As for the 6-10 PPM drop induced by Columbus setting off the LIA, maybe such extreme climate sensitivity works in only one direction? /sarc
Mike Smith over at Meteorological Musings sums up this absurdity pretty well:
Mr. Nevle inadvertently makes the case to continue to pump CO2 into the atmosphere. The effects of a Little Ice Age today would be catastrophic given the much larger population of the world. With the shorter growing seasons many millions would starve. The effects of another ice age, little or otherwise, would make global warming seem like a picnic.
h/t to Dr. Ryan Maue



According to written history, the beginning of the LIA (Little Ice Age) happened long before the advent of the “Maunder Minimum”.
History tells me that communications (Oceanic exchange) between Iceland and Greenland began to become increasingly difficult during the 1390ties – until by the year 1415 the growth of pack ice in Greenland’s costal waters rendered any further contact between the two countries (Ice-land and Green-land) impossible. –
My guess is therefore that there probably was an appearance of maybe 3 or more weak solar cycles (SC) a bit like SC 23 and SC 24 before the Maunder Minimum reared its ugly head.
Chris Col & Co = 1492
But – maybe Leif. S can look it up and compare solar history with Icelandic history and thus either confirm, or chuck my “guess” about the SCs prior to the Maunder Minimum into the bin (trash can).
Natural processes may have also played a role in cooling off Europe: a decrease in solar activity, an increase in volcanic activity or colder oceans capable of absorbing more carbon dioxide. These phenomena better explain regional climate patterns during the Little Ice Age, says Michael Mann, a climate researcher at Pennsylvania State University in State College.
Never thought I would see the day when so many people here agree with Mann.
Ecotretas says:
October 14, 2011 at 10:01 am
“Might he be suggesting a plus billion human slaughter, so that some Global Cooling comes our way?”
I fear that you’re right. Another fake reason for population control to make people believe it’s necessary… Scary. This AGW-religion is getting more and more macabre. Sacrificing people to appease Gaia…
Poor Columbus, he must be turning over in his grave, No wait…some of his remains are in Spain and some are in the Dominican Republic. Only it isn’t Columbus…its Colom or Collom, I can’t remember which Let me use Colom. Colom was given the title of Admiral of the Oceans, After his first voyage, he came a second time, bringing a group rumored to be about 1000 souls to live and prosper on the North coast of what we now call Hispaniola. Only problem is, the third time he came around, they were all dead. Either killed off by disease, weather or indiginous peoples, these settlers were all gone. Few
signs remains of their venture. Colom remained and became governor of the new world. Then politics did him in and he was sent back in shackles.
A huge mausoleum dedicated to his memory was built in Santo Domingo,only problem is locals think it brings bad luck to those that linger near it. It was blessed by the pope. The UN had a hand in building it. It is shaped like a giant sarcophagus. Creepy. In the center of it hangs a container which contains the remains.
Nevle has obviously never heard of lightning.
I found a paper that Nevle co-authored on the subject.
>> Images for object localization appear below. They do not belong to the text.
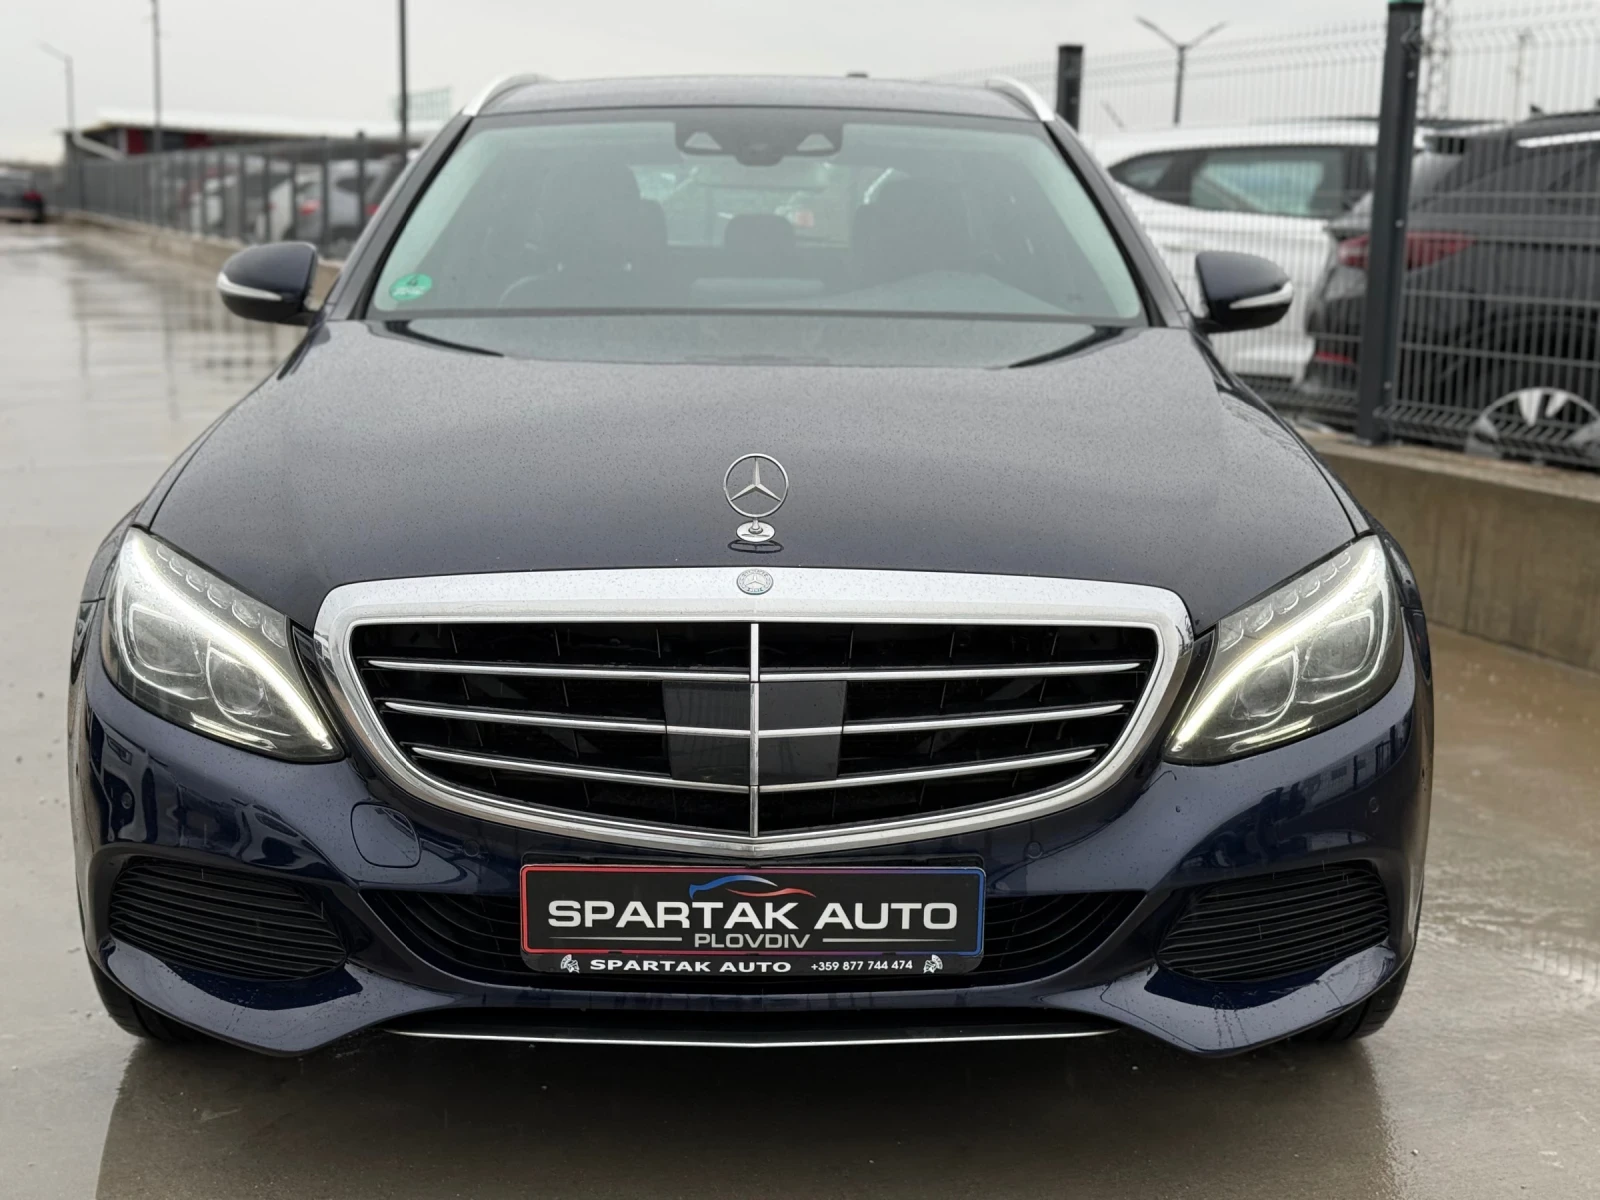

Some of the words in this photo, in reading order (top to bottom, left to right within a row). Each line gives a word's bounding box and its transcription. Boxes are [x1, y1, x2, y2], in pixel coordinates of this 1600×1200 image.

[548, 900, 799, 930] SPARTAK
[813, 902, 958, 930] AUTO
[694, 933, 811, 949] PLOVDIV
[590, 959, 711, 973] SPARTAK
[719, 961, 792, 973] AUTO
[811, 961, 840, 971] +359
[842, 960, 863, 971] 877
[867, 960, 889, 971] 744
[891, 959, 913, 970] 474
You can download it here:http://www.tandfonline.com/doi/full/10.1080/00045608.2010.502432#preview
The paper actually says: The LIA was not caused by the Columbian encounter
per se, but the evidence suggests that it was probably
amplified measurably by the ecological effects of the
demographic collapse.
I note that in the Science News article he is not quoted as saying that Columbus was responsible for the LIA. Has anyone any evidence of him actually saying that?
Is there some sort of toxic chemical that is sprayed on ivy to retard its growth, or to kill harmful rodents, insects or fungal pests that live therein? I’m at a loss to conceive any other explanation for the rampant and impenetrable stupidity running amok in the ivy-covered halls of academia. I hope that it’s only climate science faculty and students who have been damaged by this powerful insecticide or whatever it is. Tell me there are still university departments that are capable of finding truth.
Isn’t it interesting that in every story about the past told by a Warmista there is a Golden Age of perfect climate in which mankind lived harmoniously with nature until some Europeans arrived and ended the Golden Age?
I suppose Nevle never considered that the oceans might absorb that CO2, perhaps in response to cooling induced by lower solar activity and increased aerosols due to volcanoes.
———-
A fair point if it turns out it was not considered.
However what I find interesting is the phase difference between cooling and CO2 concentrations. There does not seem to be one. There is no sign of the 800 year difference that is often quoted.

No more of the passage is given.